Himmelsfelsen
Häberle, »erstens: Ihre Beziehungen ins ›Orion‹ nach
Frankfurt«, er machte eine Pause und beobachtete die Reaktion seiner Gesprächspartner,
»zweitens will ich wissen, wo die Frauen im Raum Dillingen sind.« Häberle startete
einen Frontalangriff, der seine Wirkung nicht verfehlte. Die Beiden wurden noch
bleicher, als sie schon waren. »Was heißt Beziehungen zum ›Orion‹ und von welchen
Frauen sprechen Sie?«, begann Flinsbach und rang nach Luft.
»So, wie ich’s sage. Aber vielleicht kann der
Herr Saalfelder mehr dazu beitragen, der war ja am Dienstag immerhin vor Ort.«
Saalfelder saß mit verschränkten Armen am Tisch
und verrengte die Augenbrauen. »Ich?«, sagte er nur, deutlich atemlos, »ja, das
heißt nein. Es war wegen eines Engagements, wegen einer Kapelle war ich dort …«
»In einem Bumslokal«, stellte Häberle ironisch
fest.
»Ja, um ehrlich zu sein, es hat nicht dem entsprochen,
was wir uns unter einer Musikkneipe vorgestellt haben«, beeilte Saalfelder zu erläutern.

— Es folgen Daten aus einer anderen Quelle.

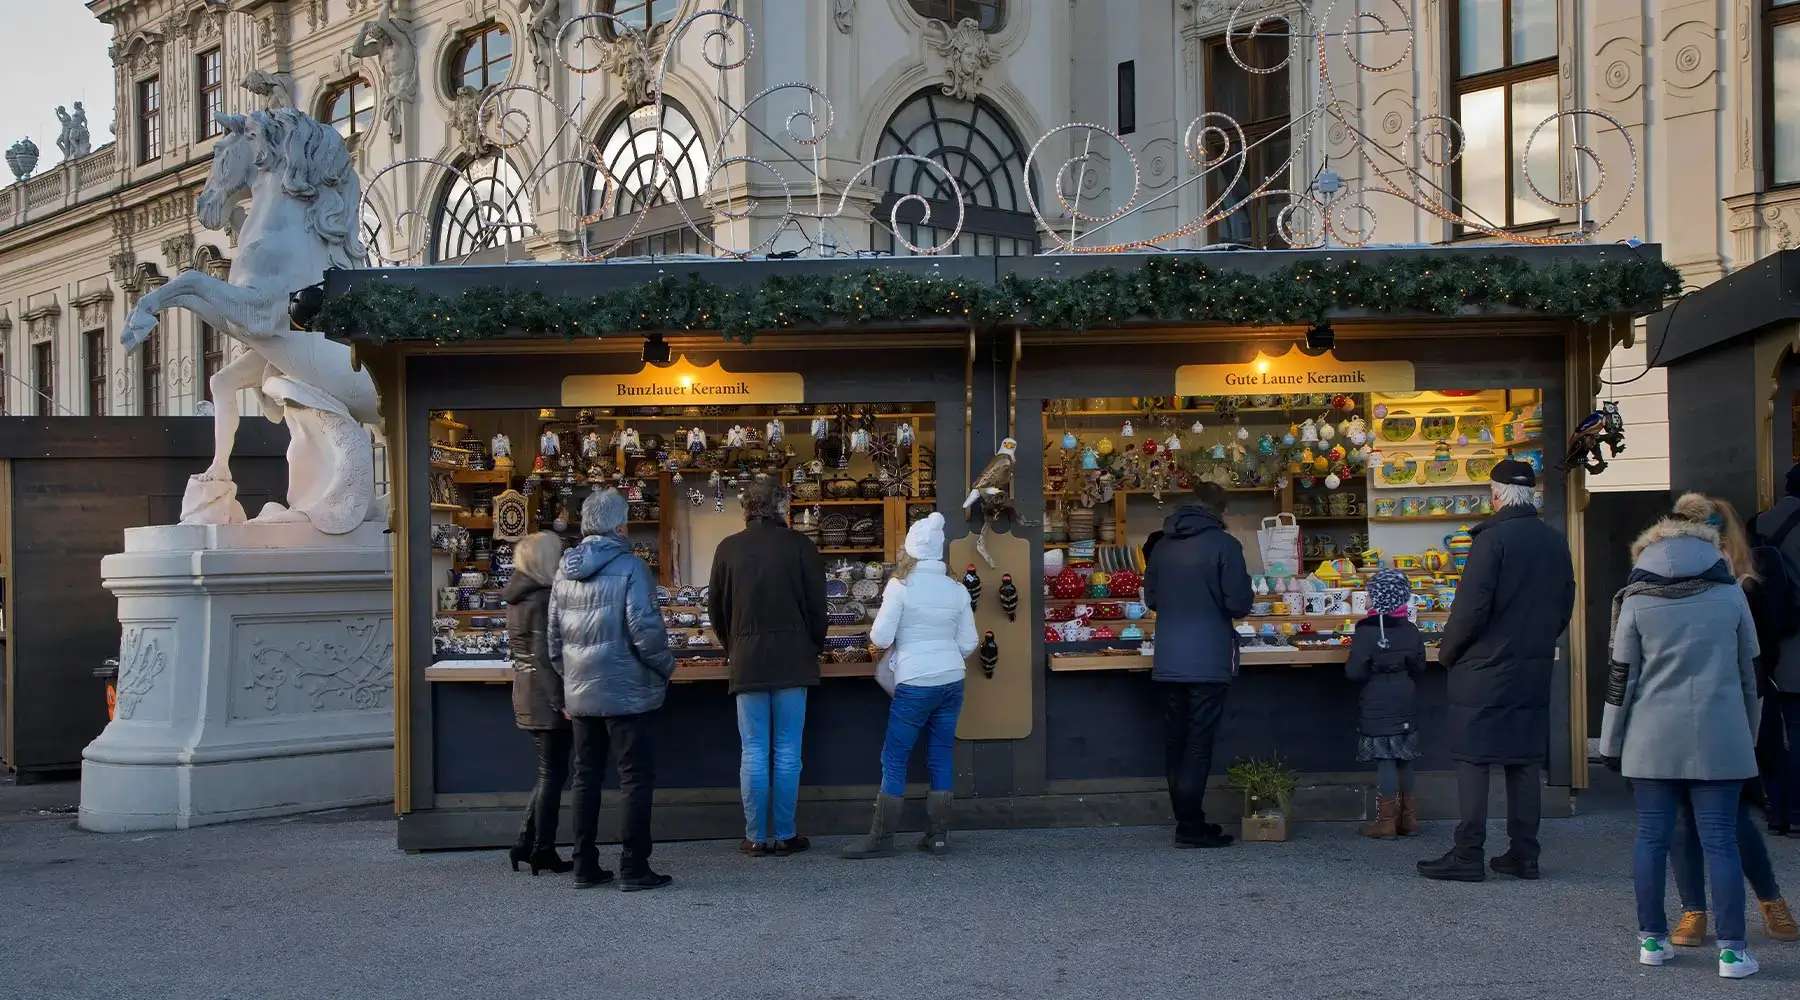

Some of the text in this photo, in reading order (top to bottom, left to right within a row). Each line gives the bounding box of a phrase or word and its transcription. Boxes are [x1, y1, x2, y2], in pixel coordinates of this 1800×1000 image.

[1225, 371, 1366, 385] Gute Laune Keramik
[616, 382, 749, 396] Bunzlauer Keramik

Seine Stimme verriet höchste Nervosität.
»Was heißt Musikkneipe«, wurde Häberle jetzt
deutlicher, »Sie haben Frauen herbeigeschafft, Prostituierte, Nutten, verstehen
Sie? Oder soll ich deutlicher werden und es juristisch sagen: Menschenhandel. Darauf
steht Knast, meine Herren!«
Saalfelder lehnte sich zur Tischkante vor und
stützte sich mit dem rechten Ellbogen verlegen ab. »Ich verstehe nicht recht…«,
sagte er, während sich sein Partner geradezu ängstlich zurückhielt.

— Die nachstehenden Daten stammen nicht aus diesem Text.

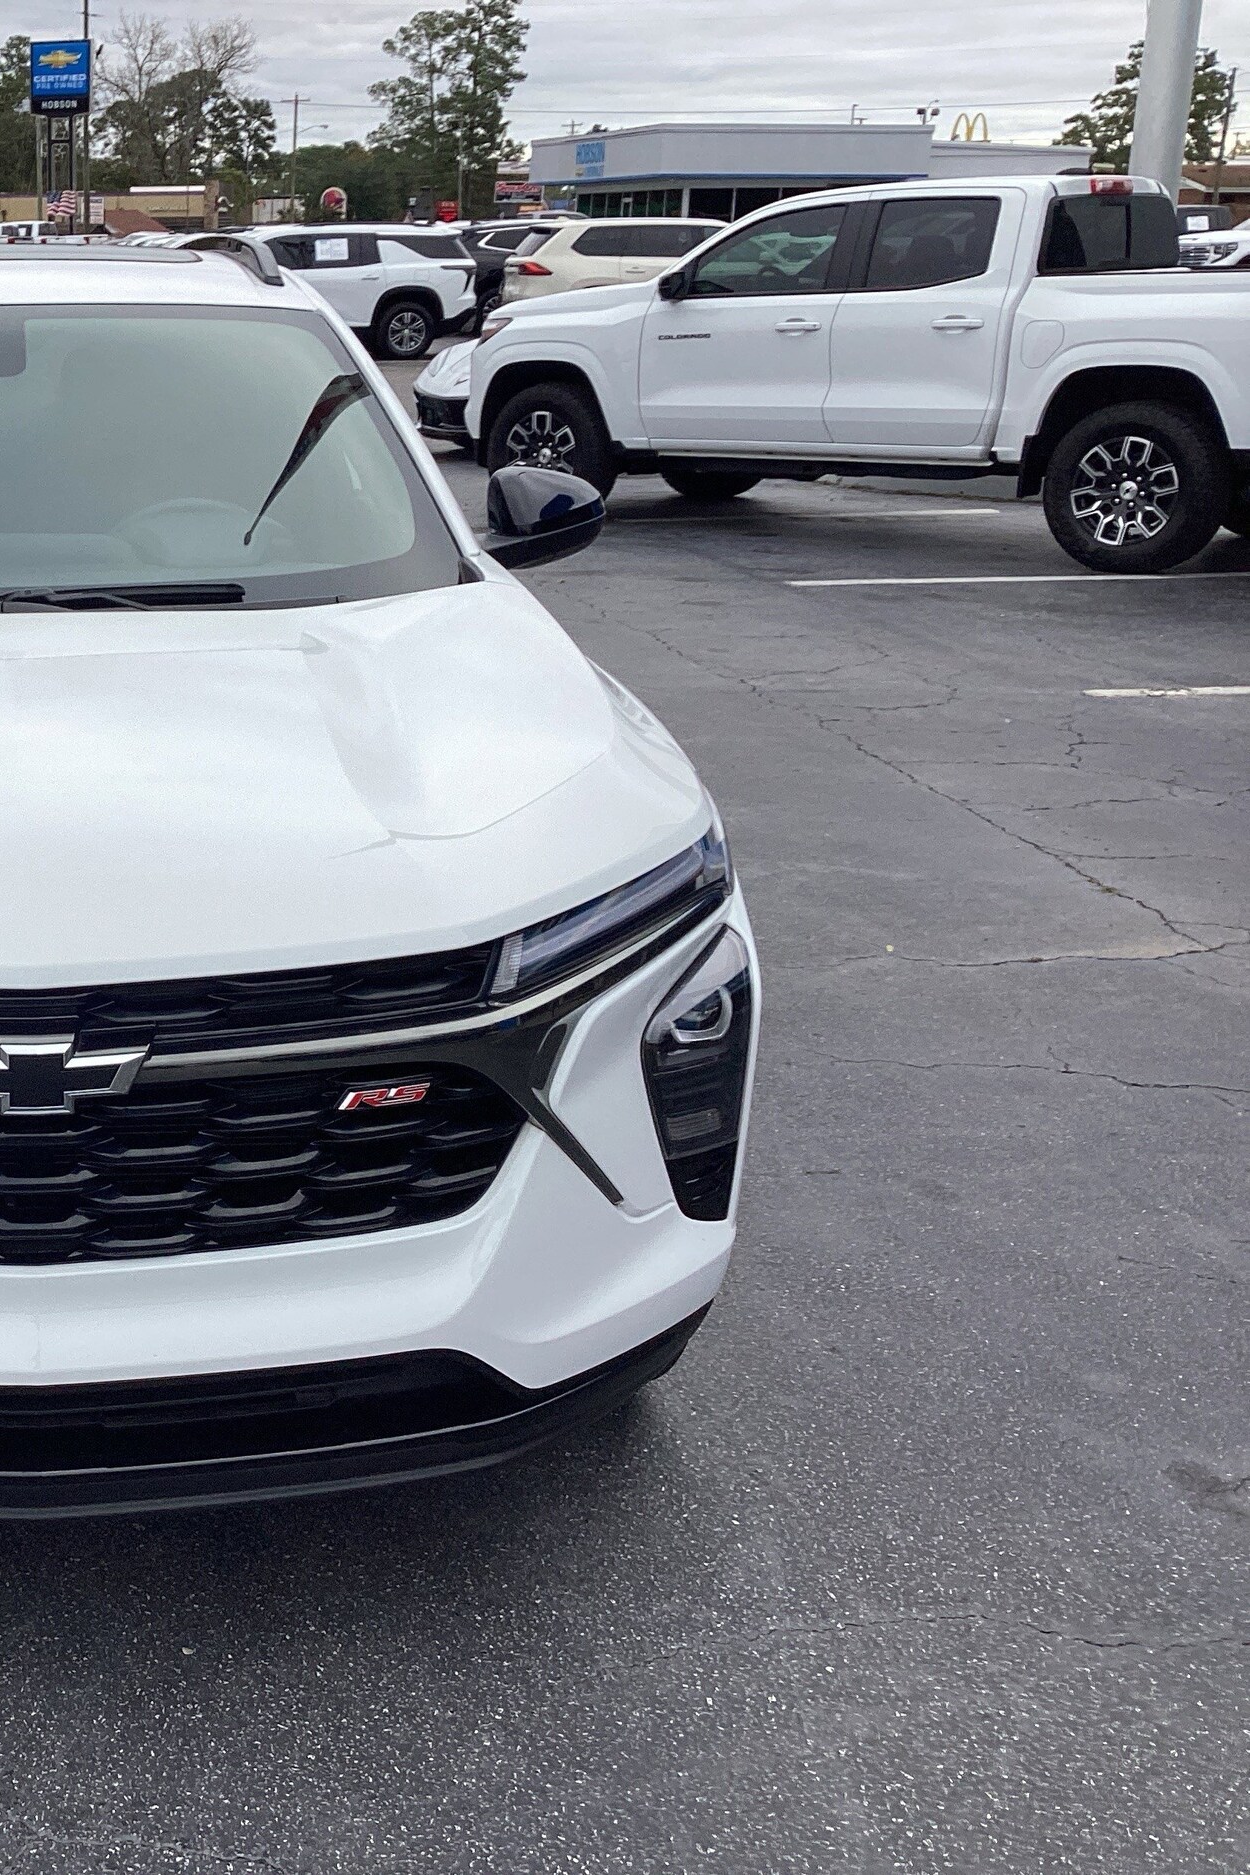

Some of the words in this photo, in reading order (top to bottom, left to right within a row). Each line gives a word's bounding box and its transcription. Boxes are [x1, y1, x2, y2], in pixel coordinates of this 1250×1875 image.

[33, 73, 87, 83] CERTIFIED
[41, 100, 78, 110] HOBSON
[337, 1082, 431, 1110] RS

»Sie verstehen sehr wohl«, wetterte Häberle
jetzt, »und wenn Sie nicht augenblicklich sagen, wo die Frauen sind, dann lass’
ich diesen Laden hier rumdrehen, verstehen Sie, auf den Kopf stellen. Dann ist es
für längere Zeit aus mit dem seriösen Ruf.«
Jetzt schaltete sich Flinsbach ein: »Sie sollten
vorsichtig sein, Herr Kommissar, Sie reden so, als hätten Sie’s hier mit einem Puff
zu tun.«
»Genauso rede ich«, machte Häberle weiter und
geriet jetzt in Rage, »genau das meine ich auch, Herr Flinsbach.«
»Und wo sind Ihre Beweise?«
»Die werde ich Ihnen auf den Tisch legen, worauf
Sie sich verlassen können. Sie beide hatten in dem Laden hier das Sagen. Der Gerald
Fronbauer war letztlich nur noch die Marionette. Und die Russen waren die großen
Macher. Die haben sich hier mit ihren Miezen eingenistet und diese zur Prostitution
gezwungen.«
Häberle machte eine Pause und wartete auf eine
Reaktion, die aber nicht erfolgte. Deshalb fuhr er unvermindert scharf fort: »Diese
Frauen, die angeblich freiwillig hier sind, werden mit falschen Versprechungen hergelockt.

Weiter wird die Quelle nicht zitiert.